*REQUIRED WORK*
Please give back the listing below word for word, without the images.

*** Opening of RECORDS SUPPLIED ***

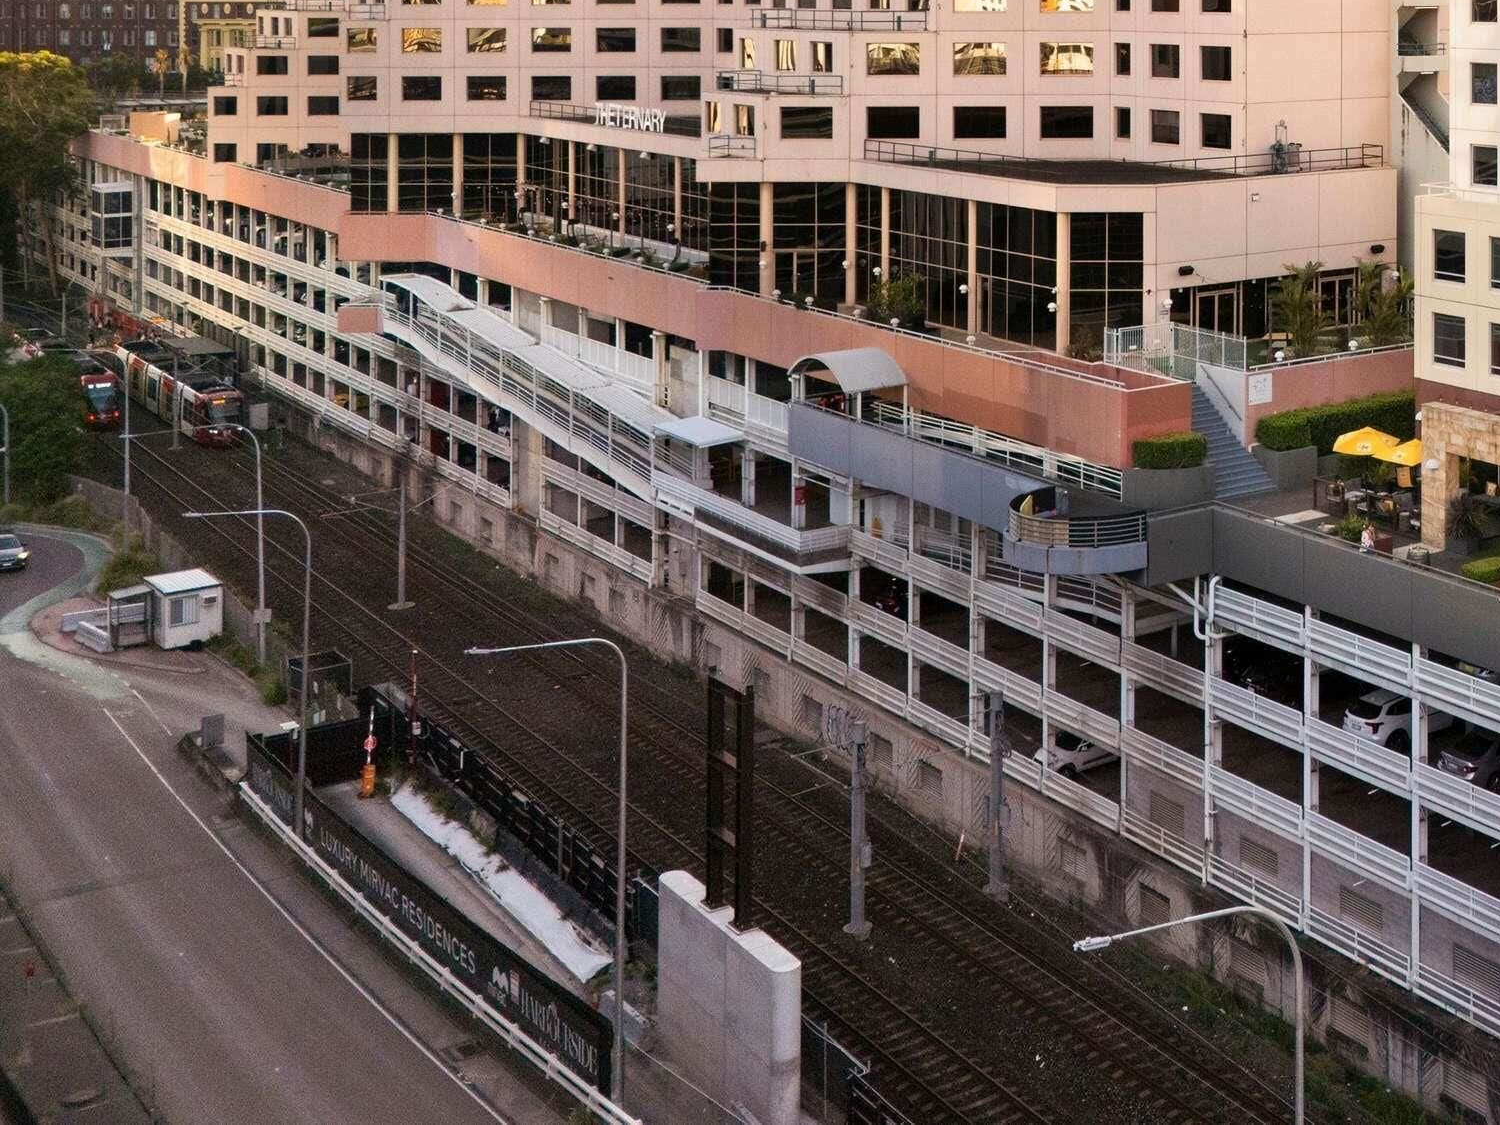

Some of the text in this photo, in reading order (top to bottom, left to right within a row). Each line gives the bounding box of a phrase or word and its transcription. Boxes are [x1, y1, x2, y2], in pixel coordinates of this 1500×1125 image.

[320, 827, 476, 975] LUXURY MIRVAC RESIDENCES
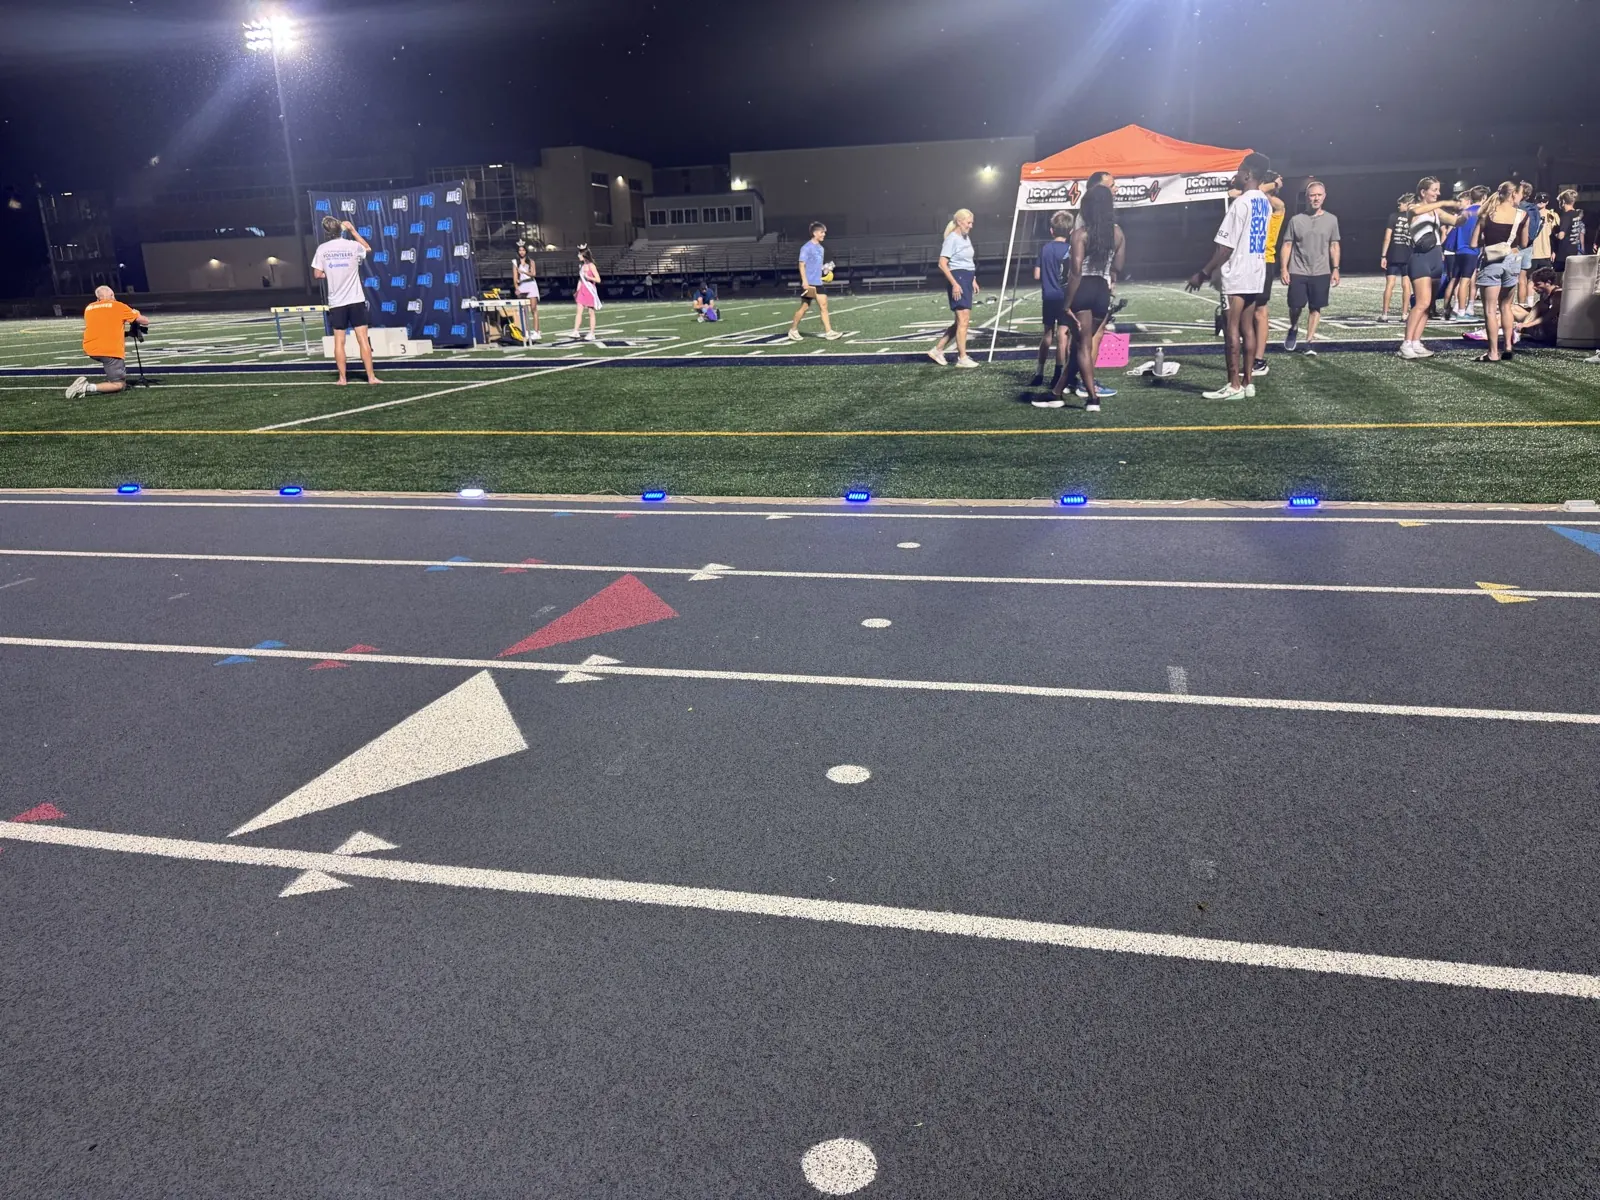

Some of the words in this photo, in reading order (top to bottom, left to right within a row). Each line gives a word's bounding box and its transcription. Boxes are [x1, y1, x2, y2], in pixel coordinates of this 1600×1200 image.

[1187, 176, 1228, 188] ICONIC
[1116, 186, 1146, 196] ONIC
[400, 343, 407, 354] 3
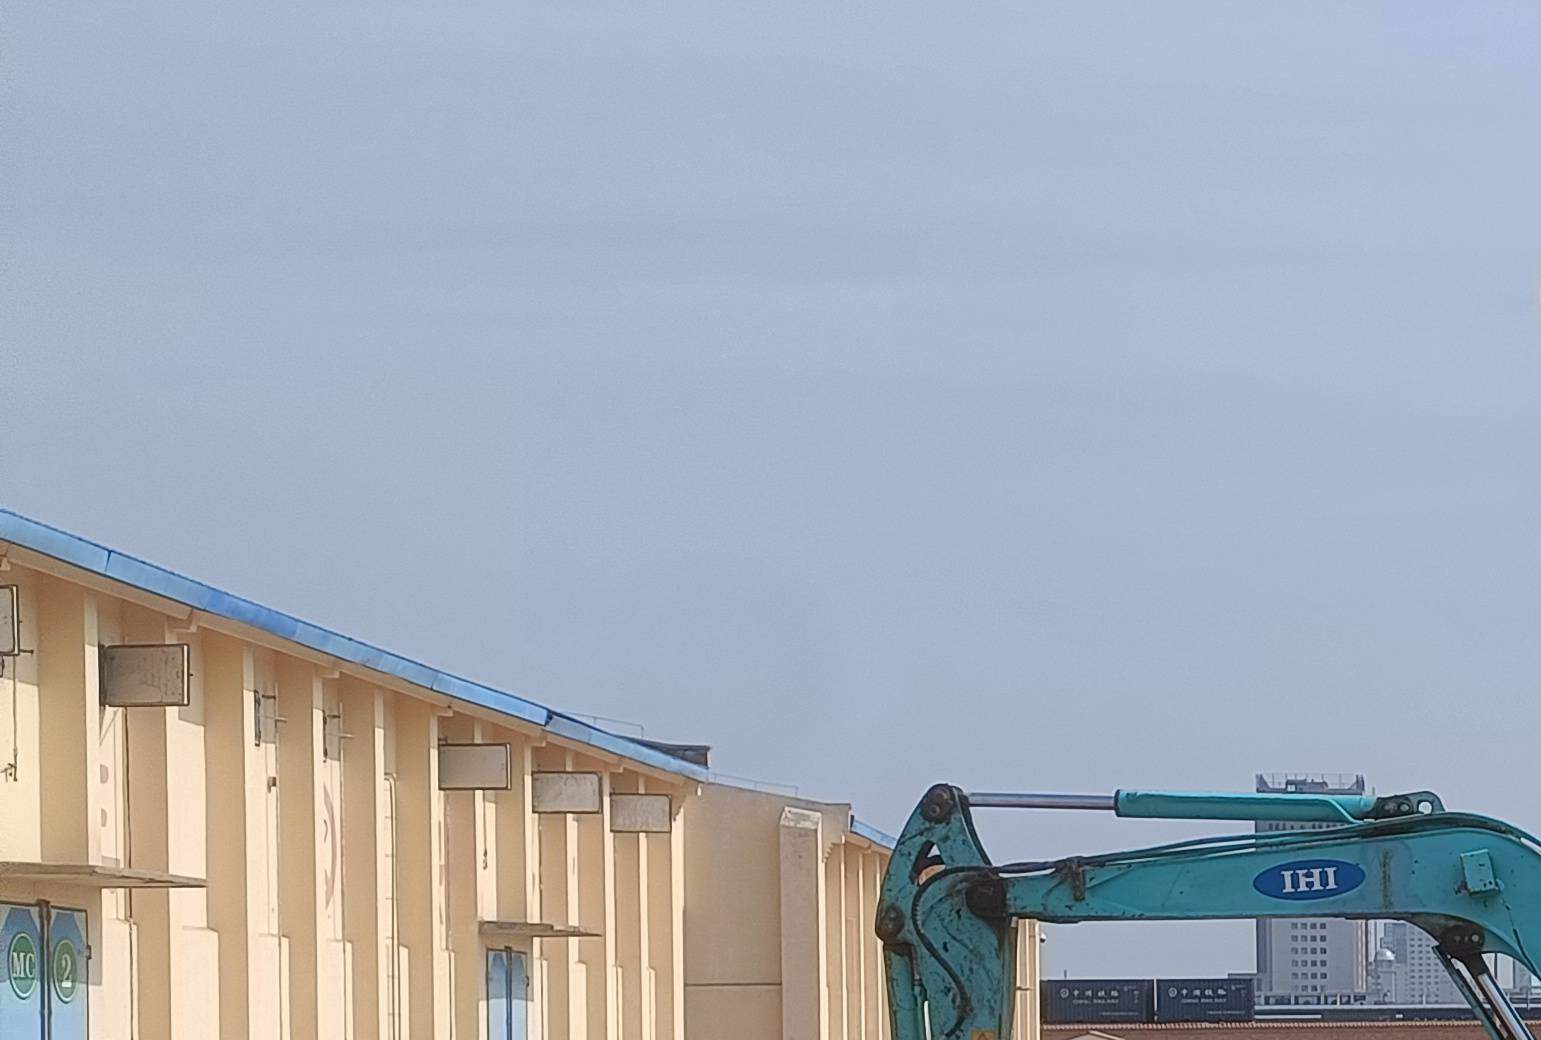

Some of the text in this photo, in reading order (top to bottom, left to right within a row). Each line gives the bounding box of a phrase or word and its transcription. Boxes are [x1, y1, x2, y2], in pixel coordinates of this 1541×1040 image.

[1280, 866, 1339, 893] IHI
[12, 951, 73, 988] MC 2

*** Close of RECORDS SUPPLIED ***

*EXPECTED OUTPUT*
Some of the text in this photo, in reading order (top to bottom, left to right within a row). Each line gives the bounding box of a phrase or word and its transcription. Boxes are [x1, y1, x2, y2], in pixel coordinates of this 1500×1125 image.

[320, 827, 476, 975] LUXURY MIRVAC RESIDENCES

Some of the words in this photo, in reading order (top to bottom, left to right within a row). Each line gives a word's bounding box and its transcription. Boxes are [x1, y1, x2, y2], in pixel coordinates of this 1600×1200 image.

[1187, 176, 1228, 188] ICONIC
[1116, 186, 1146, 196] ONIC
[400, 343, 407, 354] 3

Some of the text in this photo, in reading order (top to bottom, left to right within a row). Each line gives the bounding box of a phrase or word and its transcription. Boxes are [x1, y1, x2, y2], in pixel coordinates of this 1541×1040 image.

[1280, 866, 1339, 893] IHI
[12, 951, 73, 988] MC 2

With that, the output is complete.